Eine sogenannte Fusionsfunktion fasst die Antworten mehrerer Klassifikatoren zusammen. Bestehende Funktionen, die unter anderem auf den verschiedenen Unsicherheitstheorien fußen, werden vorgestellt und kategorisiert. Für vier auf den ersten Blick unterschiedliche Verfahren (Entscheidungs-Schablonen, lineare Assoziativspeicher, naive Bayes-Fusion und Pseudoinversen-Lösung) kann gezeigt werden, dass sie im Kern auf der in der Trainingsphase gewonnenen Verwechslungsmatrix beruhen. Experimente bestätigen erneut, dass MKS einzelnen Klassifikatoren überlegen sind, und geben Hinweise zur Auswahl geeigneter Fusionsfunktionen.

Allgemein wurden zahlreiche Experimente durchgeführt, um die genannten Problemstellungen besser verstehen und beurteilen zu können. Von den vier dazu verwendeten Anwendungsszenarien verdienen zwei besondere Erwähnung:

Das System zur Emotionserkennung in Videos von Gesichtsausdrücken besteht aus 14 Einzelklassifikatoren, die auf verschiedenen Regionen des Gesichts und auf unterschiedlichen Merkmalen arbeiten. Letztere stützen sich auf Bewegungsschätzer, Kantendetektoren und Hauptachsentransformation. Die endgültige Erkennungsrate nach der Fusion ist sogar etwas höher als die eines Menschen und braucht den Vergleich mit anderen in der Literatur vorgestellten Systemen nicht zu scheuen.

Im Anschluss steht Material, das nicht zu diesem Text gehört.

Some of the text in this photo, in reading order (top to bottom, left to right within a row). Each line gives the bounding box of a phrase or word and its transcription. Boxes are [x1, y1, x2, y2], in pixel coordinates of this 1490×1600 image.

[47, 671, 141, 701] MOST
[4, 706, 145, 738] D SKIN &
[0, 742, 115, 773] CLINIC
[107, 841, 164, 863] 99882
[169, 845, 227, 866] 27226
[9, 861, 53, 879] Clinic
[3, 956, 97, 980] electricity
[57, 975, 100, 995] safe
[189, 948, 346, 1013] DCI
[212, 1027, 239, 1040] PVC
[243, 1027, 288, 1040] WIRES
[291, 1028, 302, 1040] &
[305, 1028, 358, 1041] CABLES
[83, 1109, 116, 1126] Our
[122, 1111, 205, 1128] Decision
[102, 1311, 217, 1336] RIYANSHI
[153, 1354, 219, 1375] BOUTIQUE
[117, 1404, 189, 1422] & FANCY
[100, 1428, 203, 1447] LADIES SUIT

Im Szenario der Fernerkundung besteht das Problem darin, aufgrund von Satellitendaten sagen zu können, zu welcher Klasse ein bestimmtes Gebiet auf der Erde gehört, beispielsweise ob es bebaut ist oder ob hier ein Feld brach liegt. Bei dieser Anwendung zeigt sich, dass die vorgeschlagenen halbüberwachten selbstorganisierenden Karten viel gleichmäßigere vage Antworten geben als bisherige Ansätze. Die inzwischen preisgekrönten* erweiterten SVM produzieren Landkarten mit sehr kompakten, gut zu interpretierenden Regionen, und haben von allen getesteten Klassifikatoren die höchste Genauigkeit.

*Auf der Konferenz KES 2007 gewann meine Veröffentlichung zu Fuzzy-Input Fuzzy-Output Support-Vektor-Maschinen (Fuzzy-Input Fuzzy-Output One-Against-All Support Vector Machines) bei einer Konkurrenz von 410 Beiträgen den Preis für den besten Artikel. In Zusammenarbeit mit Ferdinando Giacco konnte ich die SVM so erfolgreich auf das Fernerkundungs-Szenario anwenden, dass das System zu den Gewinnern des DFTC Fusion Contest 2008 der IEEE Geoscience and Remote Sensing Society zählt.